-------- Given entries

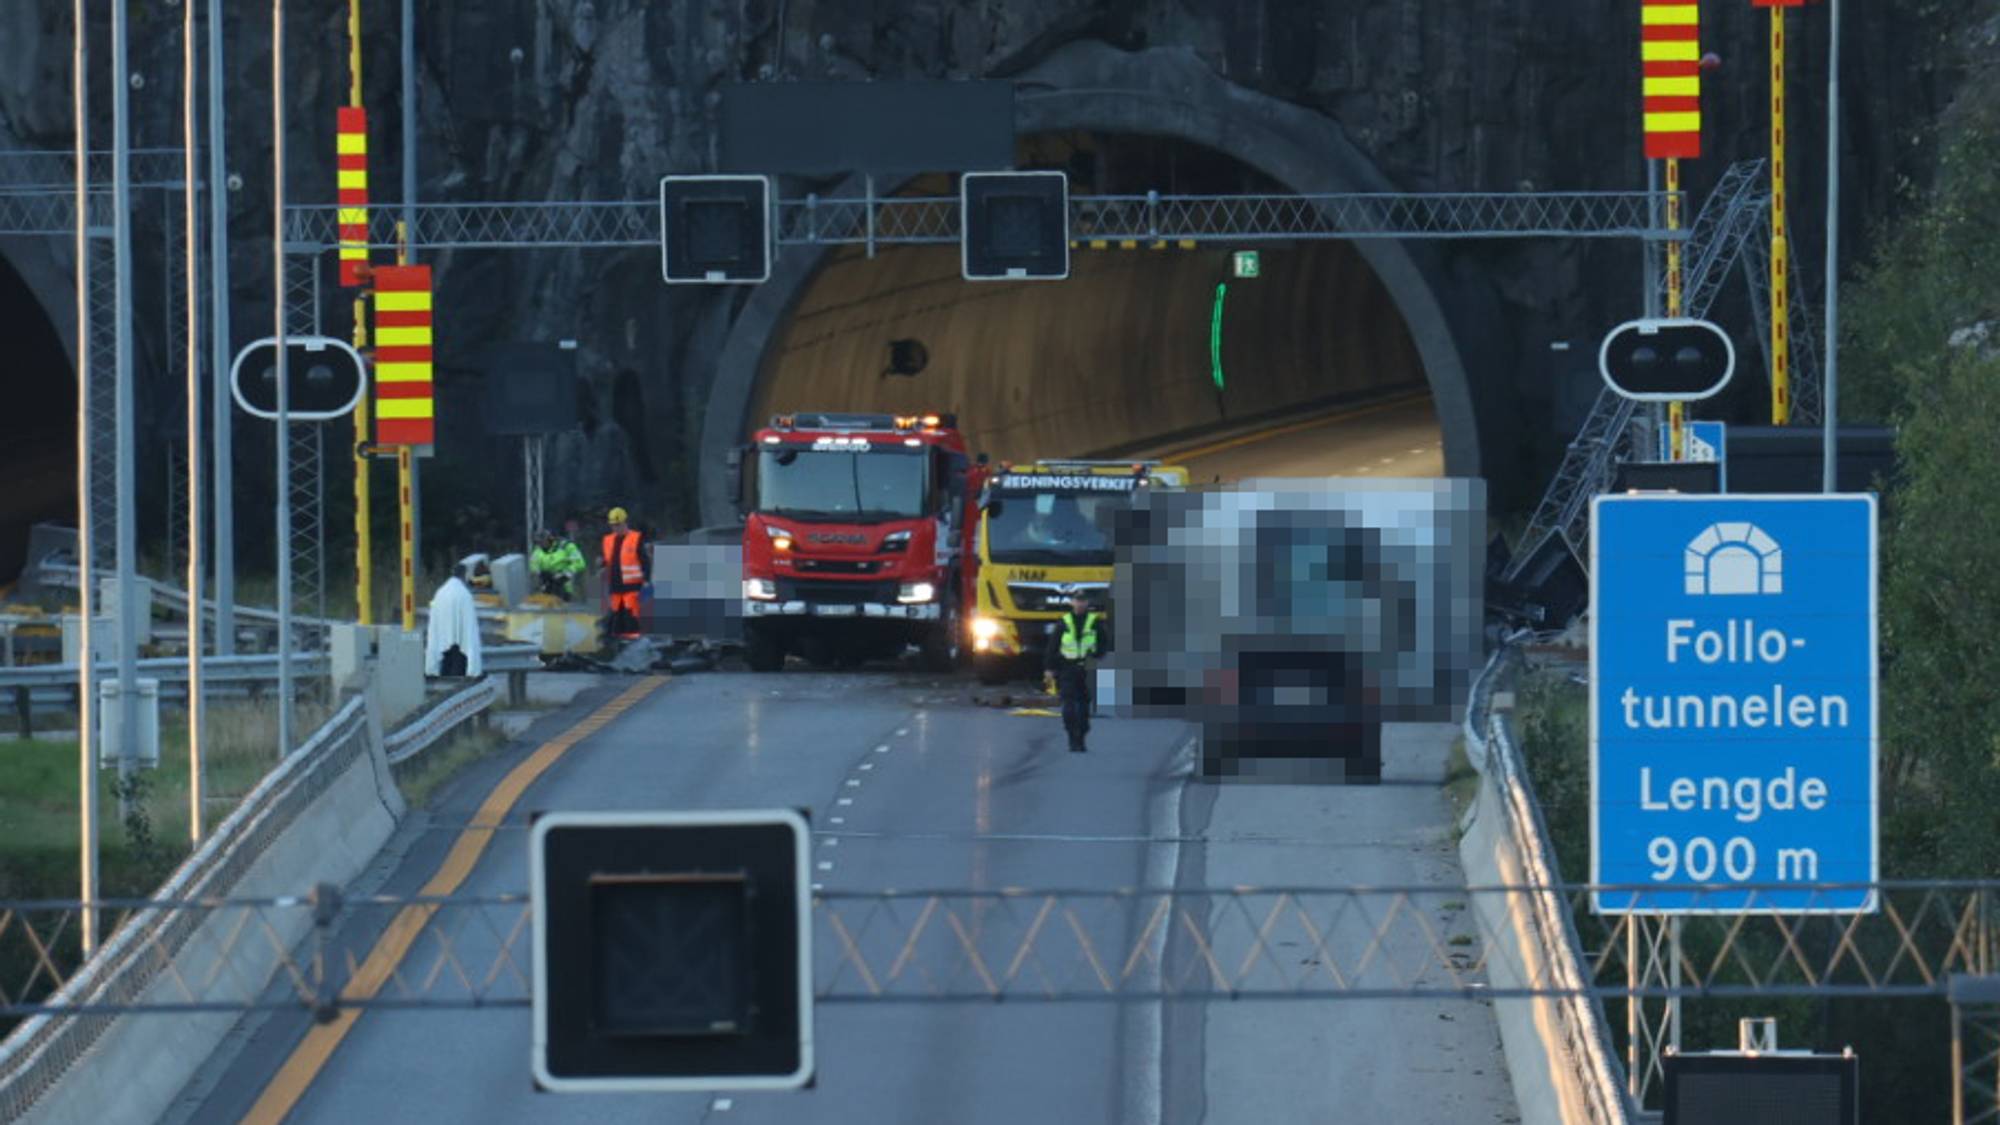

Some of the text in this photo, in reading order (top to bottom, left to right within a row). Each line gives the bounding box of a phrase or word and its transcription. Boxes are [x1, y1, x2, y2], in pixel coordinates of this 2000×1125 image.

[1018, 568, 1048, 581] NAF
[1666, 619, 1806, 663] Follo-
[1621, 684, 1848, 728] tunnelen
[1640, 766, 1828, 822] Lengde
[1647, 836, 1818, 881] 900 m
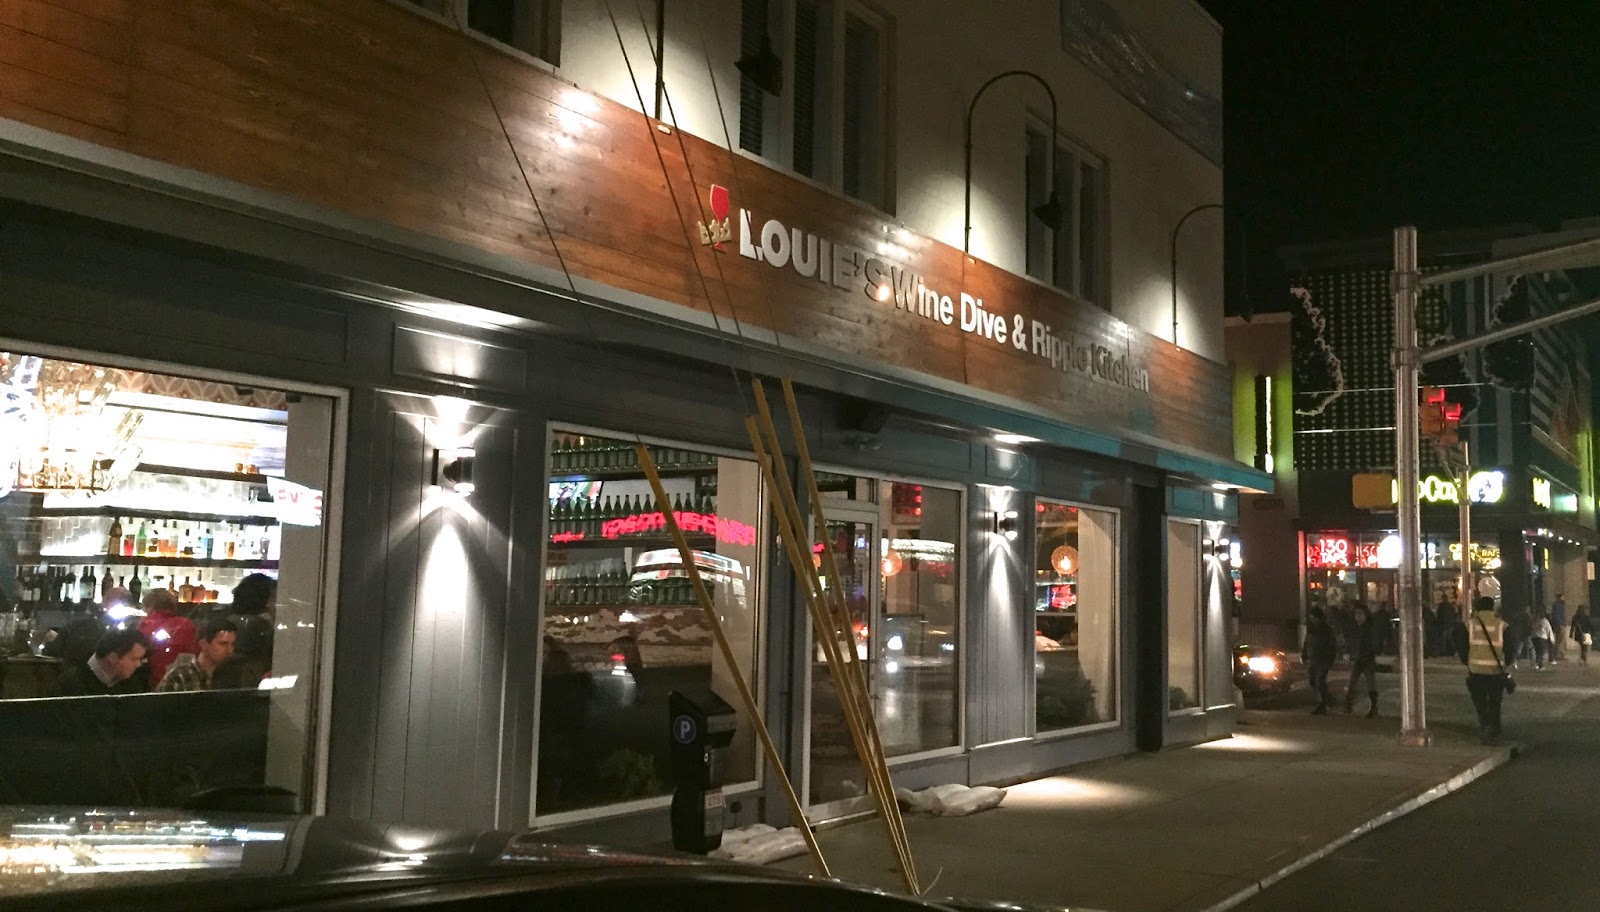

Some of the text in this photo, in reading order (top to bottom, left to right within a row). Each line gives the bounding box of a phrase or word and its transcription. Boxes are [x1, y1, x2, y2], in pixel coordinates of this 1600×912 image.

----------------

• [Assignment]:
Excluding pictures, reproduce the listing above exactly as it stands.

• [Output]:
Some of the text in this photo, in reading order (top to bottom, left to right within a row). Each line gives the bounding box of a phrase or word and its transcription. Boxes are [x1, y1, x2, y2], in pixel coordinates of this 2000×1125 image.

[1018, 568, 1048, 581] NAF
[1666, 619, 1806, 663] Follo-
[1621, 684, 1848, 728] tunnelen
[1640, 766, 1828, 822] Lengde
[1647, 836, 1818, 881] 900 m

Some of the text in this photo, in reading order (top to bottom, left to right within a row). Each line gives the bounding box of a phrase or word and its transcription. Boxes are [x1, y1, x2, y2], in pixel coordinates of this 1600×912 image.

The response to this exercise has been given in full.